Karen McVeigh 

Tories urged to end ‘idiotic’ £1.8bn tax break for UK fishing fleet

Conservationists call for end to subsidies that make up 15% to 18% of industry’s income and threaten to ‘empty the ocean of fish’
  
  

Close up of nets as seagulls follow a prawn trawler
Fuel subsidies are of greatest benefit to the most destructive and greenhouse gas-emitting forms of fishing, such as trawling and dredging. Photograph: Jeff J Mitchell/Getty Images

The government needs to urgently end polluting tax breaks for the UK fishing fleet that threaten to “empty the ocean of fish”, say conservationists, after a first-of-its kind study reveals diesel subsidies to be worth up to £1.8bn a decade.

Without the tax subsidies, largely provided to the most fuel-intensive section of the fleet, many sectors would be unprofitable, according to the analysis by government environmental advisers.

Globally, fuel subsidies to the fishing industry were estimated at $8bn (£6.3bn) in 2018, and represented a third of all harmful fishing subsidies, the authors said, adding that they were a key factor in the widespread depletion of fish populations, more than a third of which are overfished.

Fuel-tax concessions for the UK industry amounted to £150m-£180m a year, from 2009 to 2019, according to the analysis of industry data, which was published in the journal Marine Policy last autumn. They amount to between 15% and 18% of the industry’s income, which was worth £1bn last year.

This tax relief benefits the most fuel-intensive, climate change gas-emitting and industrial fishing methods, such as trawling and dredging, acting as a disincentive to developing a more fuel-efficient and carbon-smart industry, campaigners said.

“The government has never admitted that it was dishing out anything like this much in tax breaks to the fishing industry. This indicates that, until this paper was published, the Treasury simply did not know it was doing so,” said Charles Clover, author and co-founder of the Blue Marine Foundation.

“We will not be alone in calling for these unjustifiable and idiotic subsidies to be phased out as soon as possible.”

Daniel Skerritt, one of the paper’s co-authors and a senior analyst at the not-for-profit environmental group Oceana Canada, said: “What struck me was not just the value of the fuel-tax concession, but how much certain fleet segments need it to survive. This supports the kind of fishing that burns the most fuel, when we ought to be looking at it becoming more fuel efficient.”

Beam trawlers, vessels dredging for scallops and those trawling for North Sea nephrops (langoustines or scampi) would all be unprofitable without fuel-tax concessions, researchers found.

Overall, the fishing sector was decades behind other industries in this area, Skerritt said.

A failure to end the tax breaks could cause problems for the UK, which in December pledged to ratify the World Trade Organization’s unprecedented agreement to end fishing subsidies and also to support the second stage of WTO negotiations next month to end the most harmful subsidies, including fuel subsidies.

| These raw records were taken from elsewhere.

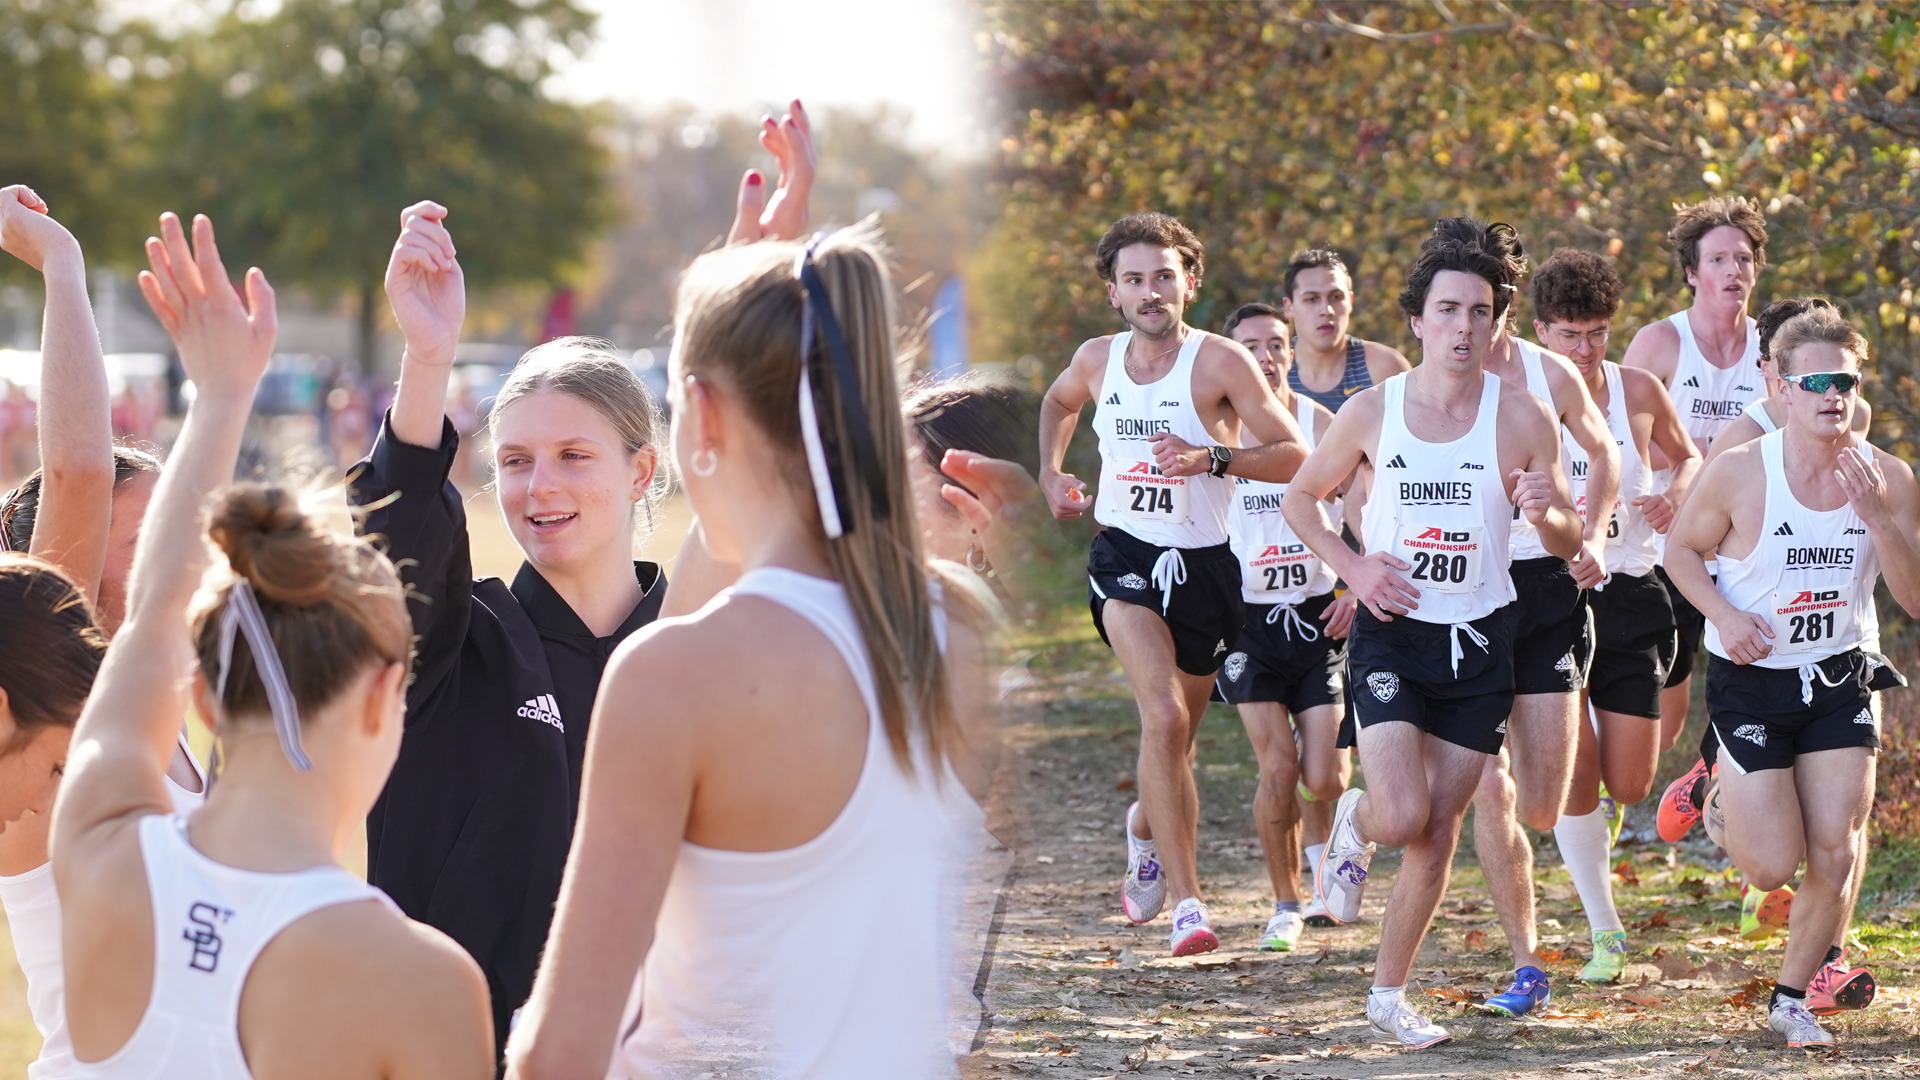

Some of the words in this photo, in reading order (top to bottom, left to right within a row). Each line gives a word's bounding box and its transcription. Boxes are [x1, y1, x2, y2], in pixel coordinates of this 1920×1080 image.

[1158, 400, 1180, 408] A10
[1459, 462, 1485, 470] A10
[1116, 473, 1185, 486] CHAMPIONSHIPS
[1399, 481, 1472, 500] BONNIES
[1129, 485, 1174, 514] 274
[1416, 526, 1470, 543] A10
[1259, 543, 1305, 558] A10
[1403, 538, 1478, 552] CHAMPIONSHIPS
[1249, 552, 1315, 567] CHAMPIONSHIPS
[1785, 546, 1855, 565] BONNIES
[1411, 551, 1468, 584] 280
[1263, 563, 1308, 591] 279
[1789, 590, 1839, 605] A10
[1776, 600, 1848, 615] CHAMPIONSHIPS
[1789, 611, 1835, 644] 281

Removing the tax concession overnight would spell “disaster” for the industry, Skerritt acknowledged, but he suggested a phased approach.

“I don’t want to see the end of the fishing industry,” he said. “But I also don’t want a fishing industry that’s using excessive amounts of fuel or being propped up by taxpayers’ money.”

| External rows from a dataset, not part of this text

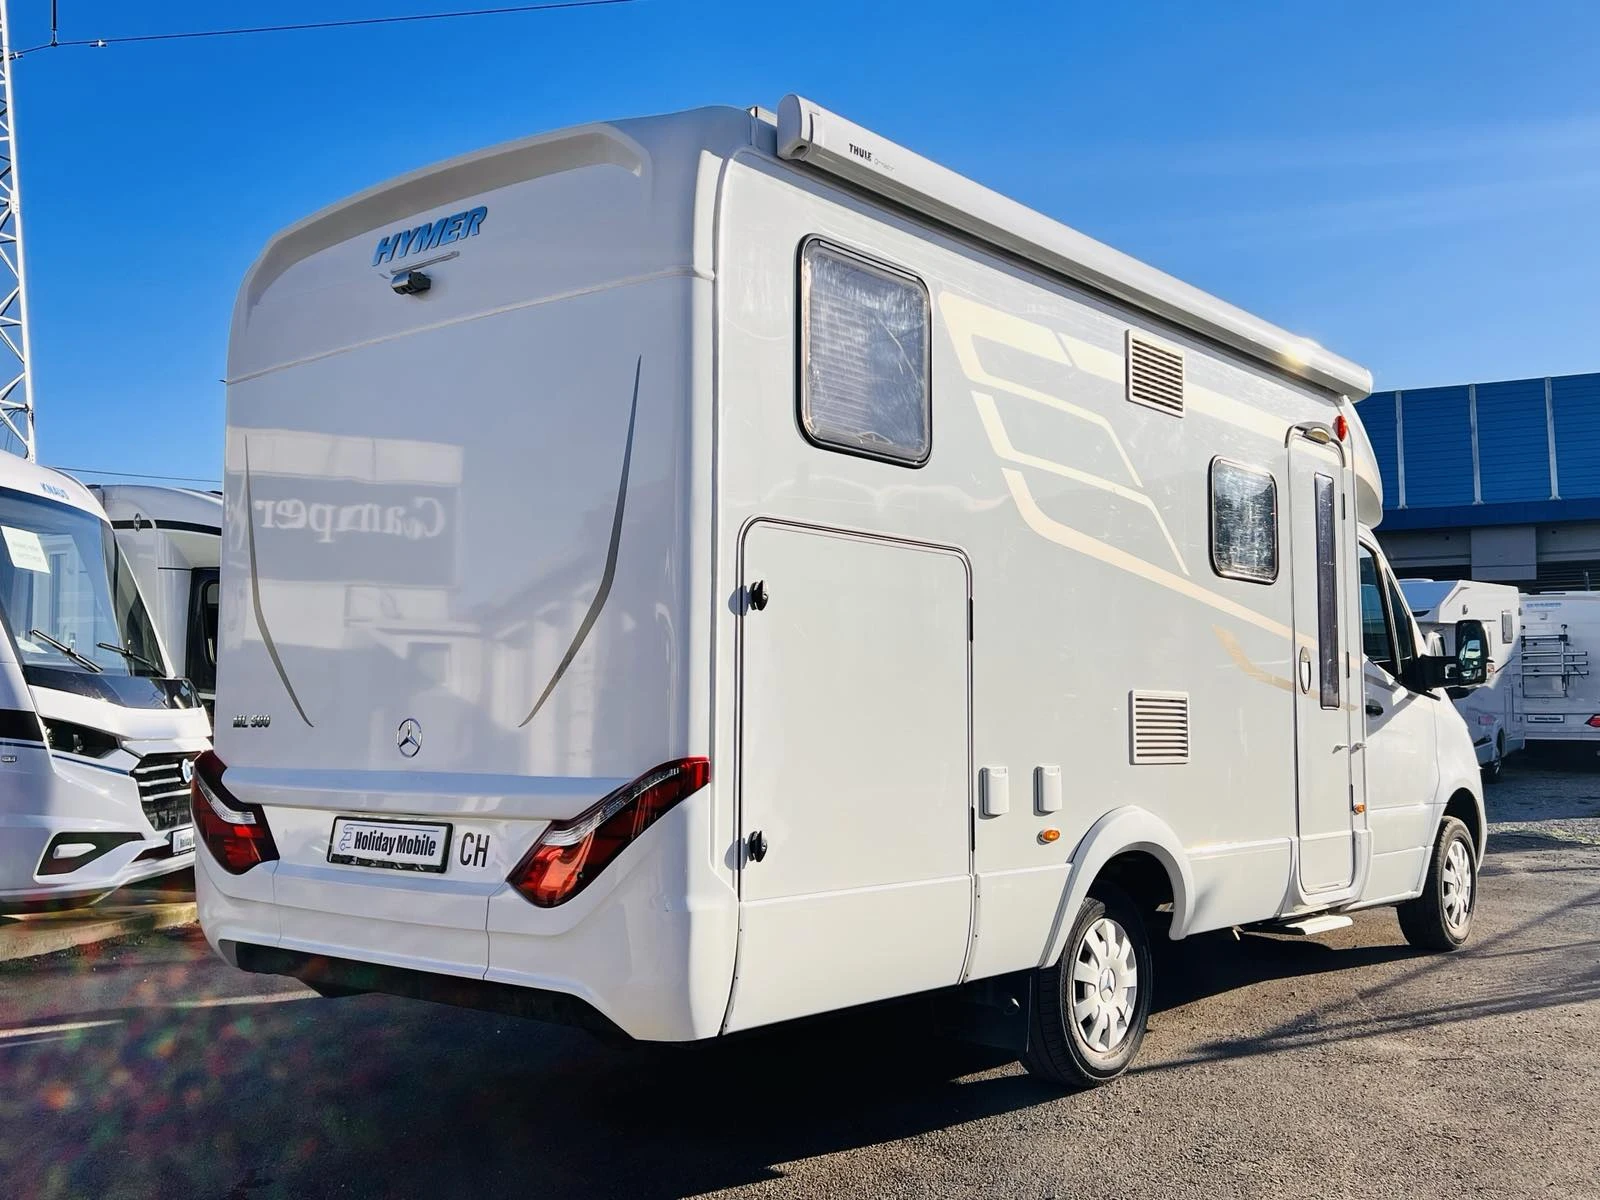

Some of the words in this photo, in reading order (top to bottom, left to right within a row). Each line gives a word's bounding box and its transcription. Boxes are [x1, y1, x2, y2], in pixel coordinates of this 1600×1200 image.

[848, 143, 872, 162] THULE
[371, 206, 488, 267] HYMER
[354, 830, 396, 856] Holiday
[396, 834, 437, 857] Mobile
[460, 832, 490, 868] CH

A paper in the journal Nature in 2021 suggested that bottom trawling, a widespread fishing practice where heavy nets are dragged along the sea bed, releases a gigaton of CO2 annually – as much carbon dioxide as the entire aviation industry every year.

Prof Rashid Sumaila, another co-author on the paper, and fisheries economist at the Institute for the Oceans and Fisheries, University of British Columbia, said: “I am fine with getting money into the fishing communities in the UK, but please don’t let public funds be used to empty the ocean of the fish that fishers and fishing communities depend on for their livelihoods, food and nutritional security.”

The study’s authors said that keeping otherwise unprofitable segments of the fleet viable could arguably support food and livelihood security, and generate income, for potentially vulnerable communities. But they added: “However, given that much of the catch is currently exported and is not consumed by the domestic market, the food security argument is weaker than first seems.”

A spokesperson for Seafish, a public body supporting the UK fishing industry, said any loss of this subsidy would see further increases in food prices for everyone. “If you remove the exemption from fishing, it could make our domestic fishing fleet less competitive against imported fish coming in on shipping containers, which would still be exempt.”

Agriculture was also exempt, the spokesperson said, adding: “There’s research and investment going into new technologies and exploring alternative fuel sources, but it will take more investment and time to find viable solutions.”

A government spokesperson said: “We are fully committed to sustainable fishing, which is why we recently signed a global agreement to stop harmful subsidies that contribute to overfishing. We are also providing an additional £100m to help UK fisheries to be more sustainable and since leaving the EU we are using our new powers to implement more sustainable fishing policies.”